I also have quite a bit of 45 acp jhp that was issued for my 4566tsw, 500 rnds?.
In 40 s&w it runs about 50% each.

RPD is right, semi wadcutter (keith) bullet are realy effective out of a .357.
This it what i carried in my mod 19 4" and 66 4" before all the new jhp+p came on the market.
I still have 10k of those handloads for my 66's and marlin 1894 carbine.
I gave my brother all the reloading equipment.

If offered ammo, i never turn it down regardless of caliber, always testing repairs.


----------



## phrogman (Apr 17, 2014)

Majority is ball but I do have some HPs. Ball will be more than good enough for when shtf.


----------



## rice paddy daddy (Jul 17, 2012)

On a related note, the best all around homestead pistol is a 44 magnum. HOMESTEAD, not self defense. Actually for gun fighting you should use a rifle if you can.
For regular duty, 44 Special will get most jobs done, 44 magnum has plenty of horsepower for anything else.
And in 44 magnum handguns there is one that stands out - Ruger Super Blackhawk. It will handle rounds that would damage a S&W or lesser guns, or cause premature wear even on a Ruger Redhawk.


----------



## Seneca (Nov 16, 2012)

I mostly store ammo for the firearms I currently have, I keep a mix of practice and field ammo. 

I also keep the ammo, components and dies for calibers I no longer have. I can reload for firearms I no longer have like the 32-20 or the 44mag. to name a couple.


----------



## paraquack (Mar 1, 2013)

I used to have ammo, but it went in the drink with my firearms when the boat sank right above the Mariana trench.


----------



## Farmboyc (May 9, 2015)

paraquack said:


> I used to have ammo, but it went in the drink with my firearms when the boat sank right above the Mariana trench.


Man peppers are terrible boaters.


----------



## shooter (Dec 25, 2012)

I have a mix, probably about 70/30 of FMJ/ball ammo vs HP or soft point. I tend to make sure the pistol has more HP/SP then my rifle ammo as I will be at close range and if that happens I want to create as much damage as possible.

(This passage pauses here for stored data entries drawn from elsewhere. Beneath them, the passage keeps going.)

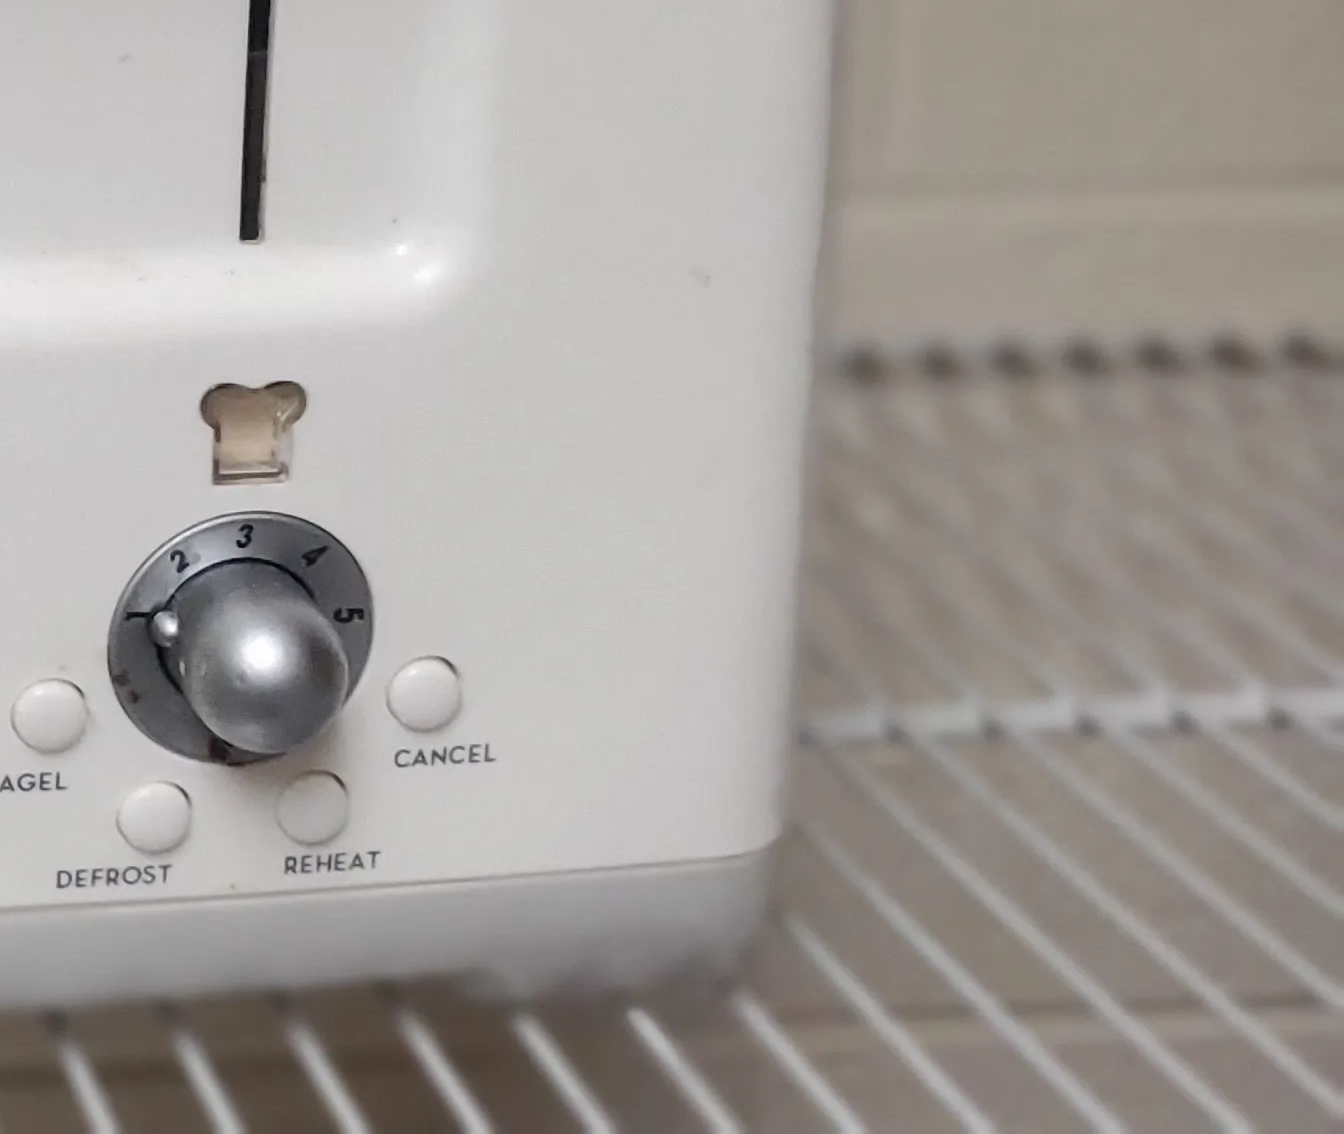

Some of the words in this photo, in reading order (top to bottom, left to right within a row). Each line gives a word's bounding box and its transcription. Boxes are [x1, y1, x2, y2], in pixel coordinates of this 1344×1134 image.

[169, 549, 190, 574] 2
[235, 523, 255, 549] 3
[300, 545, 329, 569] 4
[333, 607, 365, 624] 5
[394, 743, 496, 768] CANCEL
[284, 850, 382, 876] REHEAT
[56, 865, 173, 890] DEFROST

I think in the first few days of a SHTF situation once you fire a shot or two who ever is trying to come at you will move on to other easier targets. And after the initial few weeks people will be semi careful with how they engage others as even a fmj hit will be fatal as you will not have any type of EMS to deal with a bullet wound and IFAKS and most first aid kits are designed to slow bleeding until you can be gotten to a hospital.


----------



## Mad Trapper (Feb 12, 2014)

rice paddy daddy said:


> On a related note, the best all around homestead pistol is a 44 magnum. HOMESTEAD, not self defense. Actually for gun fighting you should use a rifle if you can.
> For regular duty, 44 Special will get most jobs done, 44 magnum has plenty of horsepower for anything else.
> And in 44 magnum handguns there is one that stands out - Ruger Super Blackhawk. It will handle rounds that would damage a S&W or lesser guns, or cause premature wear even on a Ruger Redhawk.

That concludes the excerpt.